Julia Child also lived here, and left behind the the Julia Child Foundation for Gastronomy and the Culinary Arts. In fact, she was born in Pasadena, which disabused me of the long-held impression that she was a Boston Brahmin. Apparently, she was a California Brahmin.
Last night we dined at Super-Rica Taqueria, Julia’s favourite, about a kilometre-and-a-half from our hotel. We found out why Julia liked it so much, but she probably called ahead and had her tacos ready when her driver pulled up. From the moment we queued up to order, until the paper plates of food and blazing hot sauce were in front of us, an hour-and-a-half passed. Good things come to those who wait.
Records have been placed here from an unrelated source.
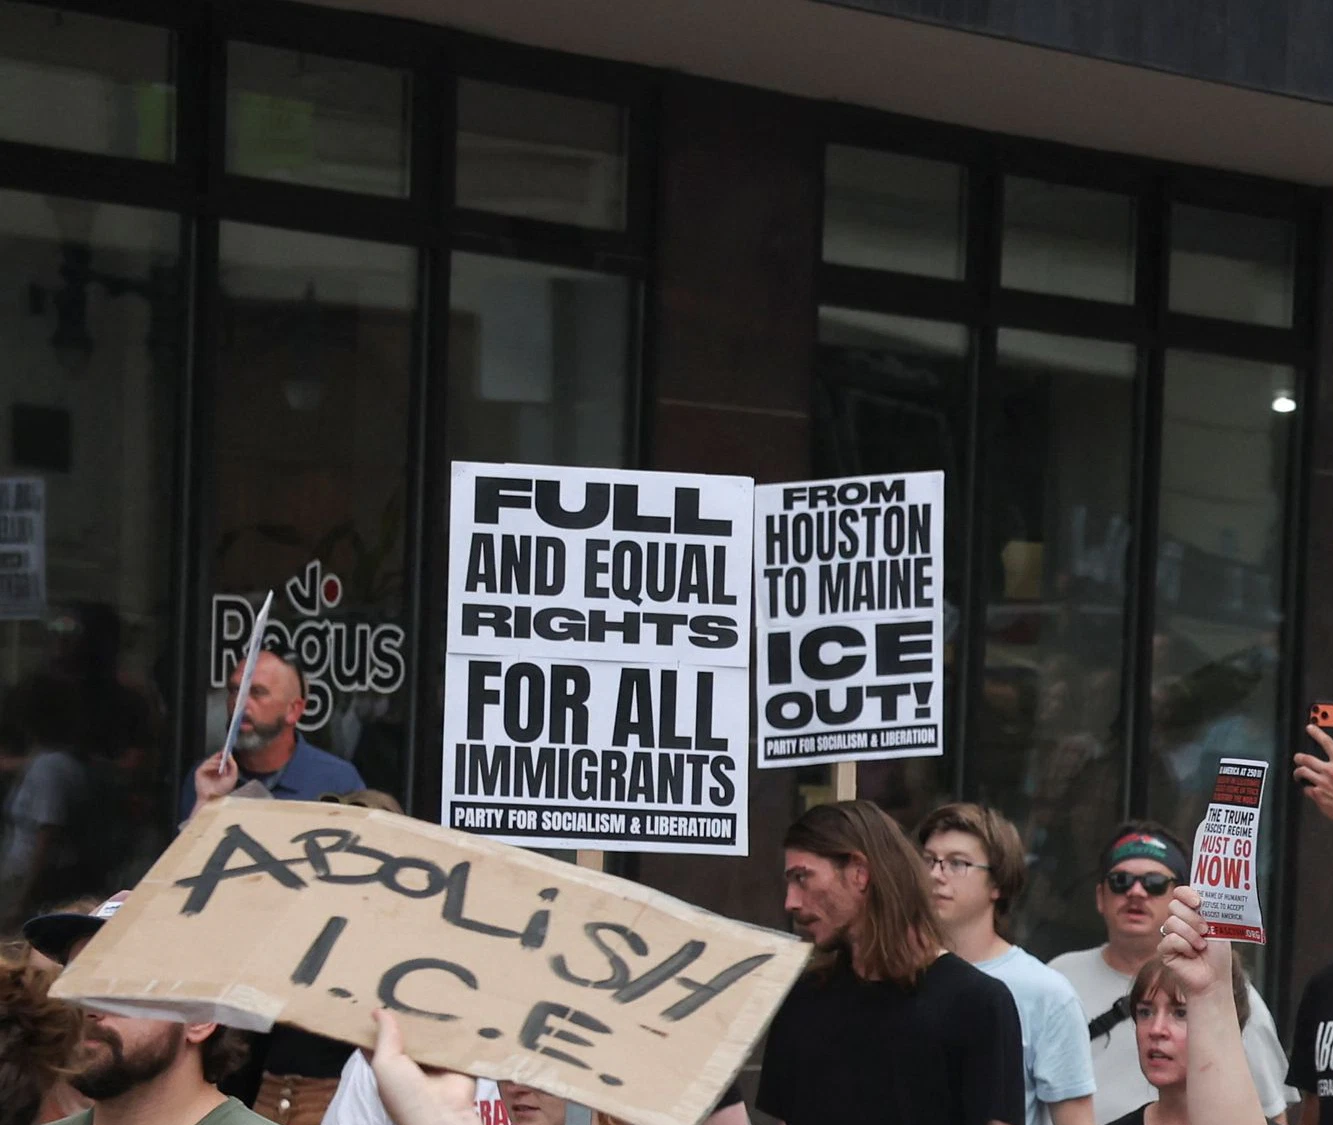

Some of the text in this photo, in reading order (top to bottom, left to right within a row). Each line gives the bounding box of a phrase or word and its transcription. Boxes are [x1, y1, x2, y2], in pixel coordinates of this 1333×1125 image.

[474, 476, 732, 537] FULL
[783, 480, 907, 510] FROM
[765, 504, 931, 565] HOUSTON
[466, 533, 737, 606] AND EQUAL
[764, 558, 933, 619] TO MAINE
[461, 604, 738, 648] RIGHTS
[767, 621, 933, 685] ICE
[466, 660, 728, 752] FOR ALL
[765, 682, 934, 730] OUT!
[766, 739, 797, 756] PARTY
[799, 737, 815, 754] FOR
[817, 732, 866, 752] SOCIALISM
[881, 727, 935, 747] LIBERATION
[454, 744, 736, 807] IMMIGRANTS
[454, 808, 732, 839] PARTY FOR SOCIALISM & LIBERATION
[1204, 823, 1252, 838] FASCIST REGIME
[1208, 808, 1255, 826] THE TRUMP
[1200, 835, 1252, 858] MUST GO
[1194, 854, 1251, 890] NOW!
[290, 915, 624, 1088] I.C.E.
The restraint of the City Fathers
State Street is the main drag in Santa Barbara, where you’ll find most of the restaurants, bars and shops. By early afternoon it’s teeming with locals and tourists, but also with a remarkable number of homeless people. A good portion of them are mentally ill. They punch the air, shout and swear. They live in unspeakable conditions, and carry about the smell of urine and defeat.
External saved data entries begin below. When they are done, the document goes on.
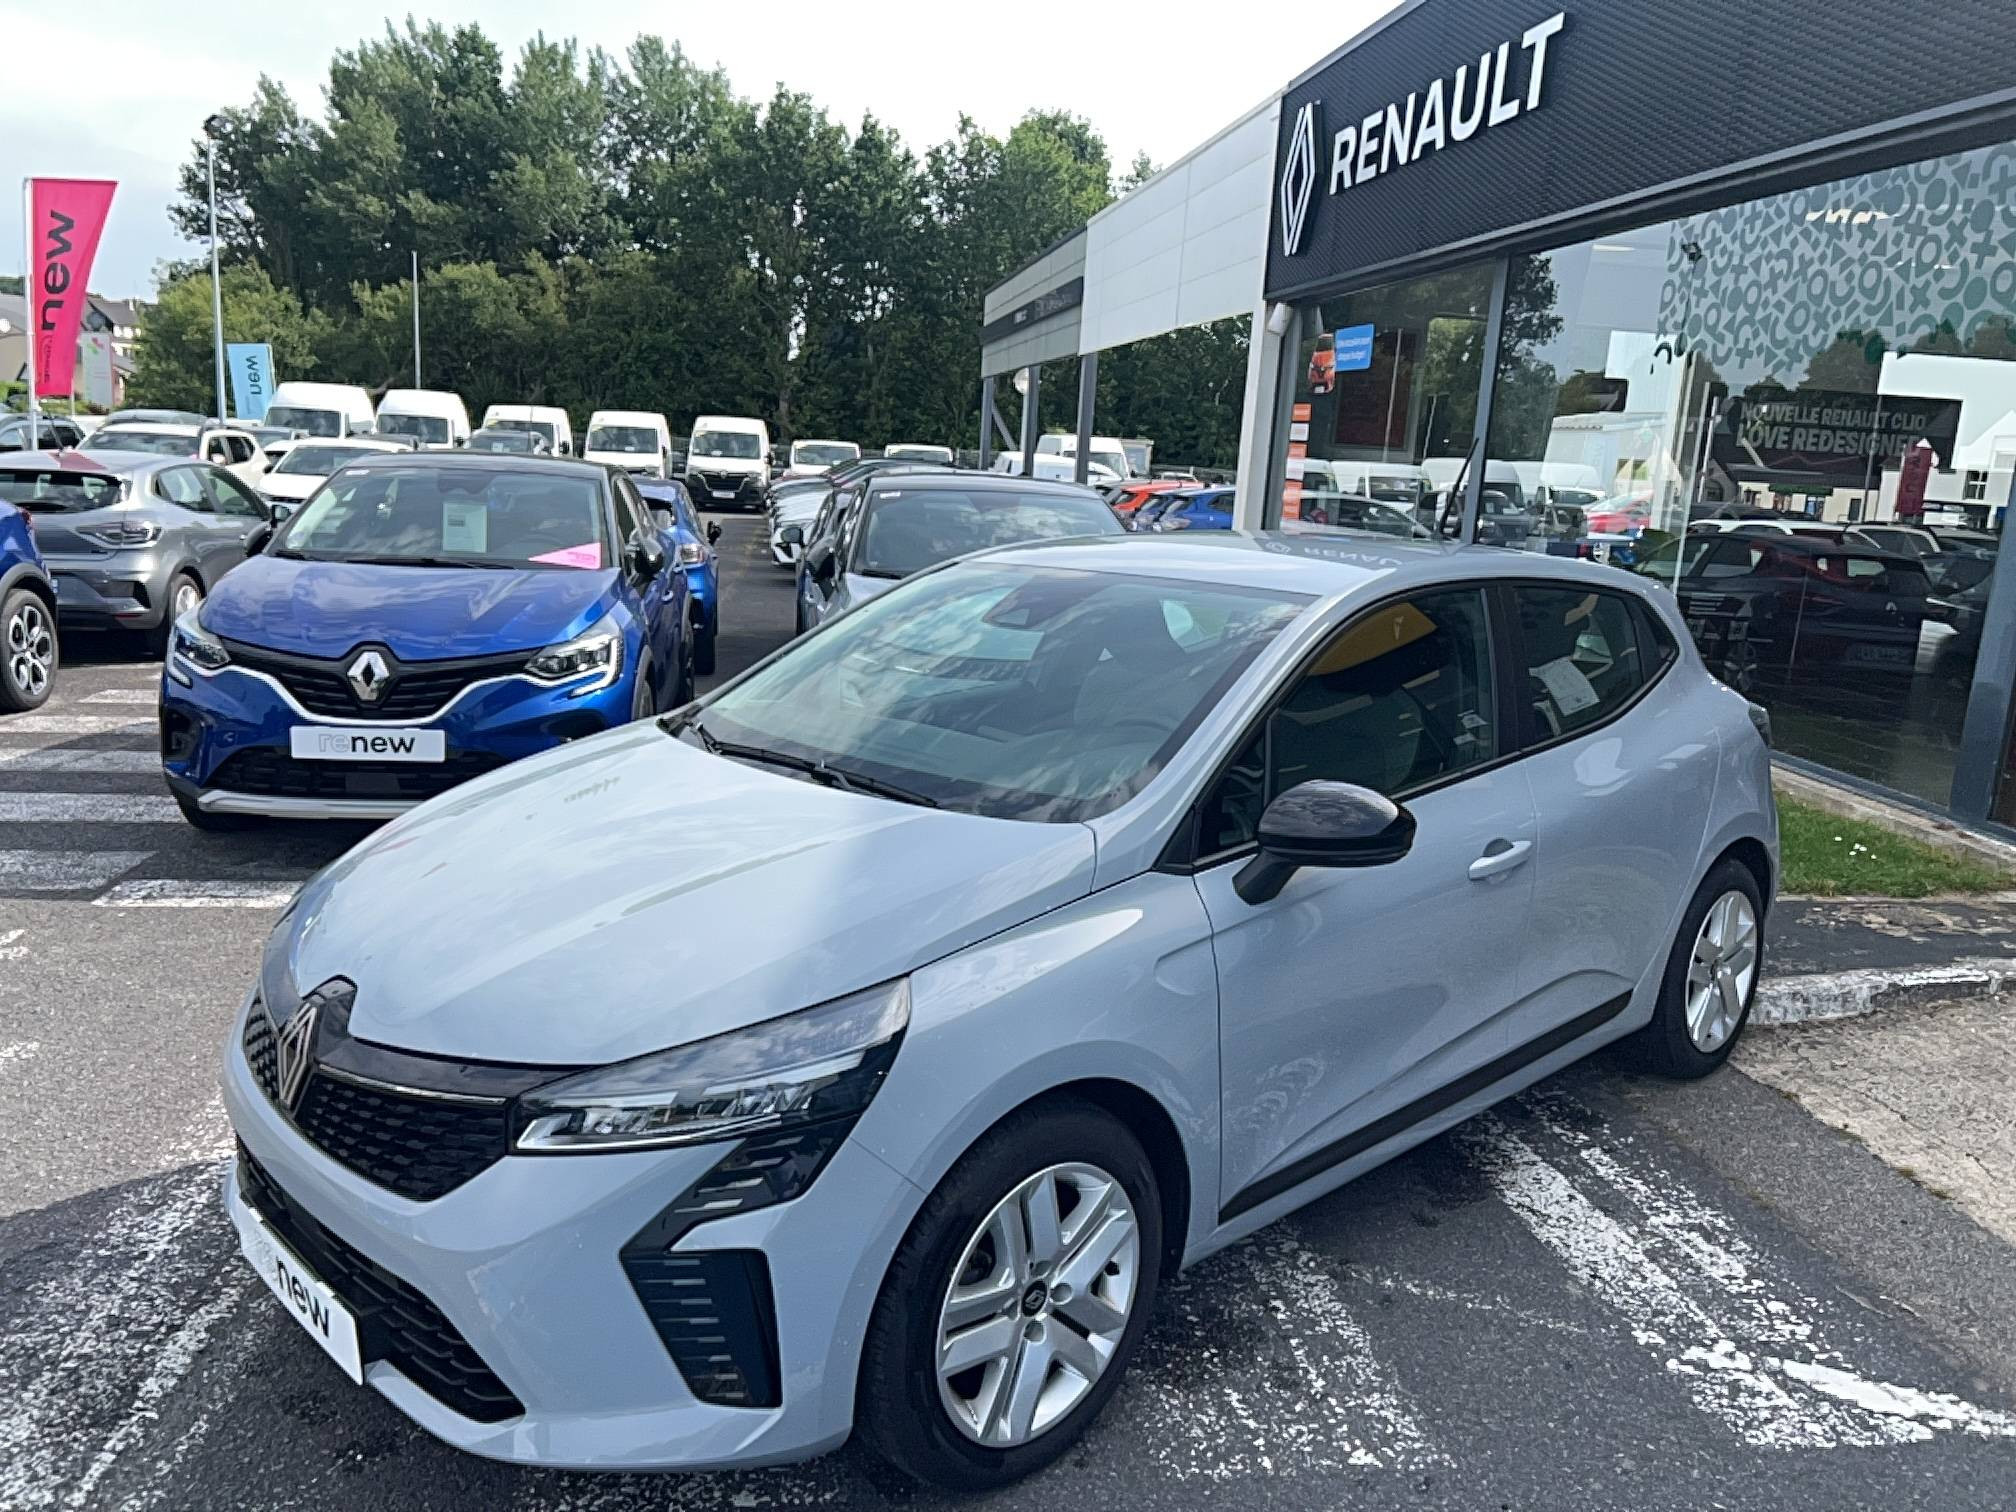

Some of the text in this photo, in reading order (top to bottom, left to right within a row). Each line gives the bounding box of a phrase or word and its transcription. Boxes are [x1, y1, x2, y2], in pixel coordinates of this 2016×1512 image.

[1329, 12, 1565, 196] RENAULT
[41, 209, 75, 331] new
[1741, 402, 1926, 432] NOUVELLE RENAULT CLIO
[1736, 421, 1791, 450] LOVE
[318, 734, 416, 754] renew
I have to give some credit to the City Fathers, who let these people be. Crazy homeless people can’t be good for business. I suppose something bad has to happen before they take action: a catalyzing event, such as a punch that actually lands on a tourist’s nose.
Stepping on dead mice
I ran again, yesterday, well away from the beach and into a neighbourhood of small, well-tended homes, where Mexican families live. I ran until the road began its steep ascent into the hills, and I soon became tired of listening to my own gasping. I turned around.
Several times, I stepped onto small squishy objects that felt like dead mice. But they turned out to be tiny purple-black figs, from trees planted along the sidewalk. Figs in spring! In Greece, we have to wait until the end of summer.
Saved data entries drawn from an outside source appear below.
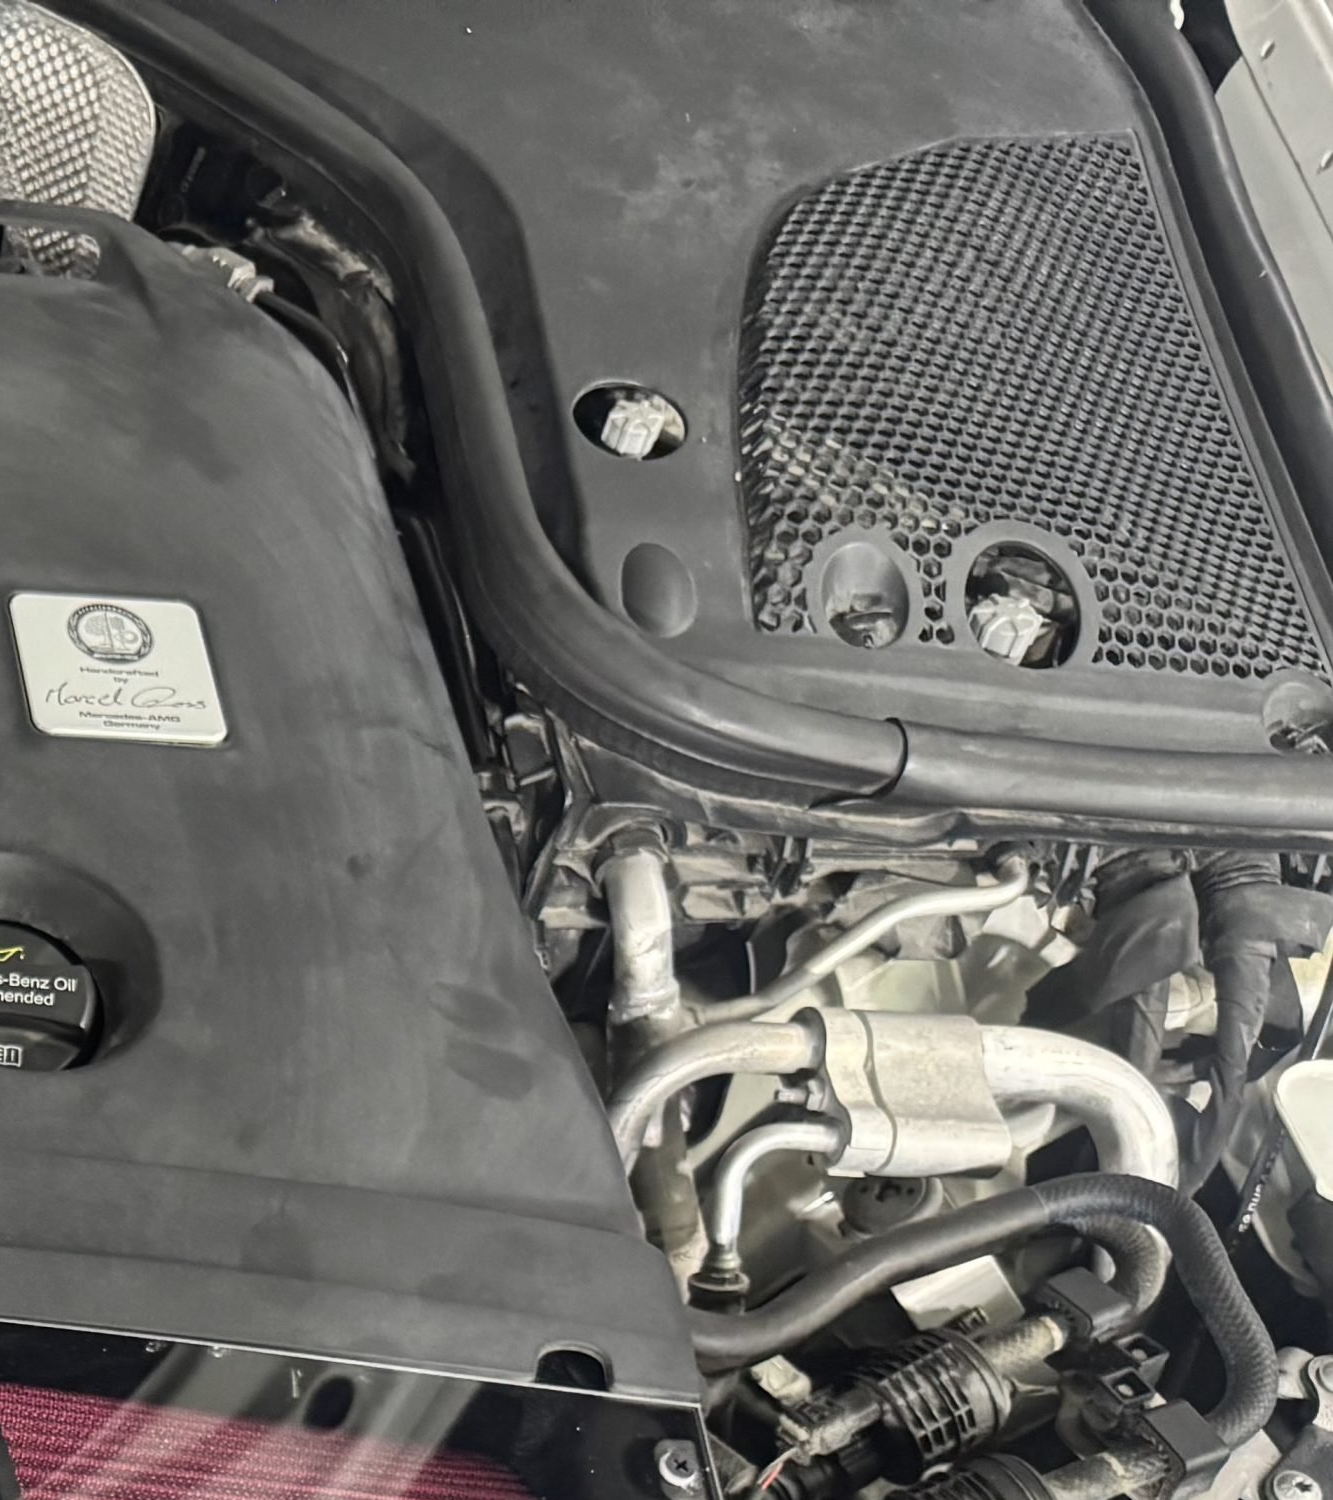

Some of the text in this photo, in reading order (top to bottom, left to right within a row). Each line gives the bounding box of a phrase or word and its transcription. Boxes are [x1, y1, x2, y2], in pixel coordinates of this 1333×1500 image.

[79, 666, 159, 678] Handcrafted
[113, 676, 129, 684] by
[78, 710, 181, 723] Mercedes-AMG
[102, 720, 161, 731] Germany
[53, 976, 78, 993] Oil
I saw Teslas tricked out with racing stripes and graphics, and ran by a large daycare echoing to the sounds of the Hokey Pokey. Outside a farmer’s market, an ancient Mexican man was making balloon animals, as beseeching children tugged on their mothers’ skirts and pointed.
At Ortega Park, I paused to watch some nine-year-old boys in a soccer match. In the few moments I spent beside the cheering parents, all of them Mexican, the Blue team pumped in three goals. The Blues were cruel and efficient. On the far side of the pitch, parents of the hapless Yellow team stood in grim silence. Life is not fair.